SMURF1 silencing diminishes a CD44-high cancer stem cell-like population in head and neck squamous cell carcinoma

Background: Bone morphogenetic protein (BMP) signaling is thought to play key roles in regulating the survival and maintenance of cancer stem cells (CSCs), which contribute to disease recurrences and treatment failures in many malignances, including head and neck squamous cell carcinoma (HNSCC). Intracellular BMP signaling is regulated by SMAD specific E3 ubiquitin protein ligase 1 (SMURF1) during cellular development. However, little is known about the role or regulation of BMP signaling in HNSCC CSCs. Methods: Two CSC-like populations, CD44^high/BMI1^high and CD44^high/ALDH^high, were enriched from HNSCC cell lines and evaluated for the expression of SMURF1 by qRT-PCR, flow cytometry, and immunoblotting. The activation status of BMP signaling in these populations was determined by using immunoblotting to detect phosphorylated SMAD1/5/8 (pSMAD1/5/8) levels. Knockdown of SMURF1 transcripts by RNA interference was used to assess the role of SMURF1 in BMP signaling and CSC maintenance. Loss of CSC-like phenotypes following SMURF1 knockdown was determined by changes in CD44^high levels, cellular differentiation, and reduction in colony formation. Results: Populations of enriched CSC-like cells displayed decreased levels of pSMAD1/5/8 and BMP signaling target gene ID1 while SMURF1, CD44, and BMI1 were highly expressed when compared to non-CSC populations. Stable knockdown of SMURF1 expression in CSC-like cells increased pSMAD1/5/8 protein levels, indicating the reactivation of BMP signaling pathways. Decreased expression of SMURF1 also promoted adipogenic differentiation and reduced colony formation in a three-dimensional culture assay, indicating loss of tumorigenic capacity. The role of SMURF1 and inhibition of BMP signaling in maintaining a CSC-like population was confirmed by the loss of a CD44^high expressing subpopulation in SMURF1 knockdown cells.

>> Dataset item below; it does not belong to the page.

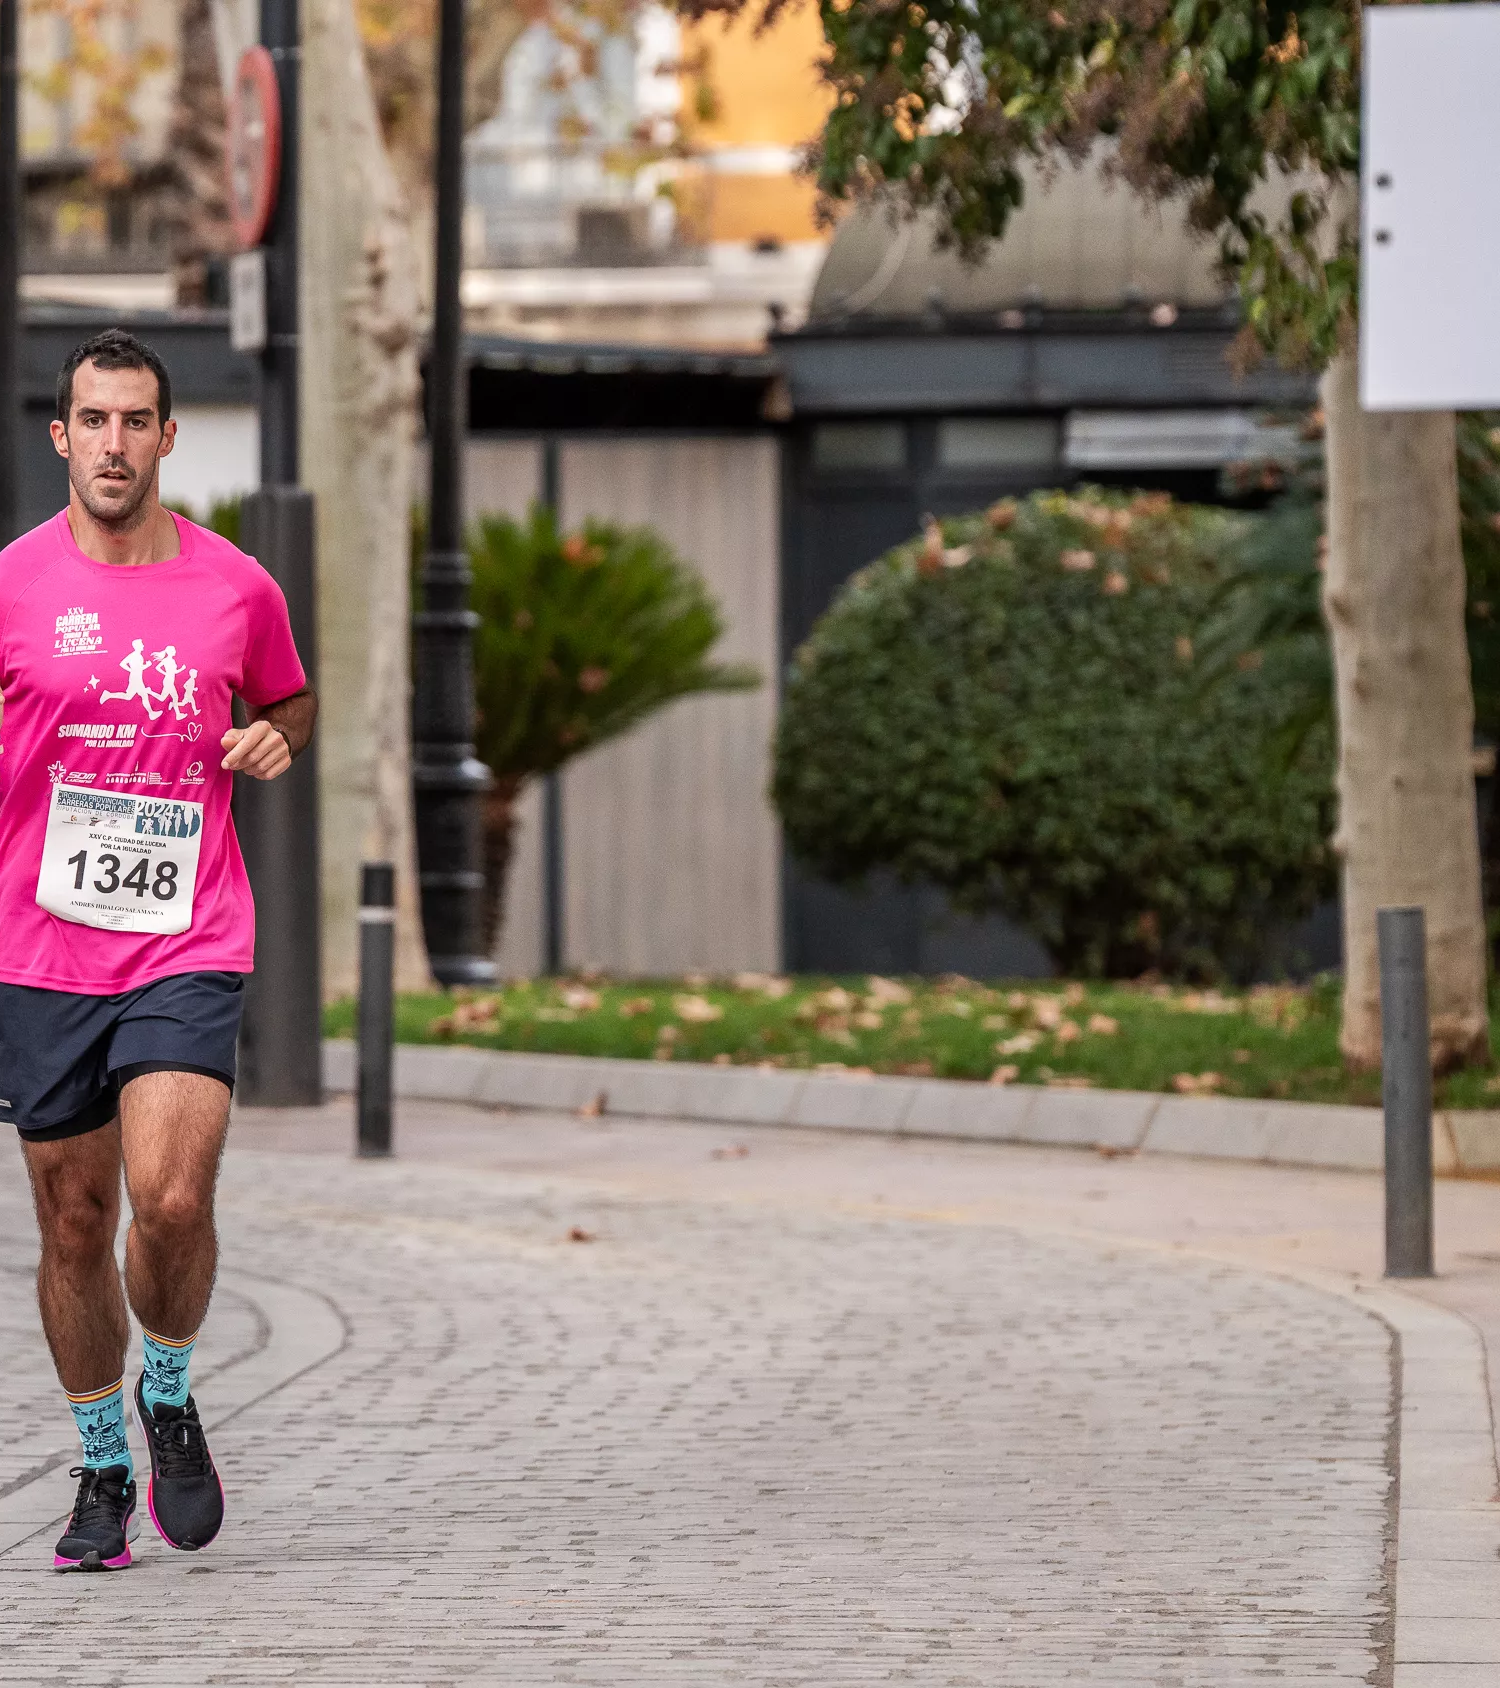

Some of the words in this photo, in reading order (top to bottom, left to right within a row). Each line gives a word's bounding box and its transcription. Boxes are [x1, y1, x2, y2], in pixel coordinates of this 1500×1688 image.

Conclusions: Our findings suggest that inhibition of BMP signaling potentiates the long-term survival of HNSCC CSCs, and that this inhibition is mediated by SMURF1. Targeting SMURF1 and restoring BMP signaling may offer a new therapeutic approach to promote differentiation and reduction of CSC populations leading to reduced drug resistance and disease recurrence.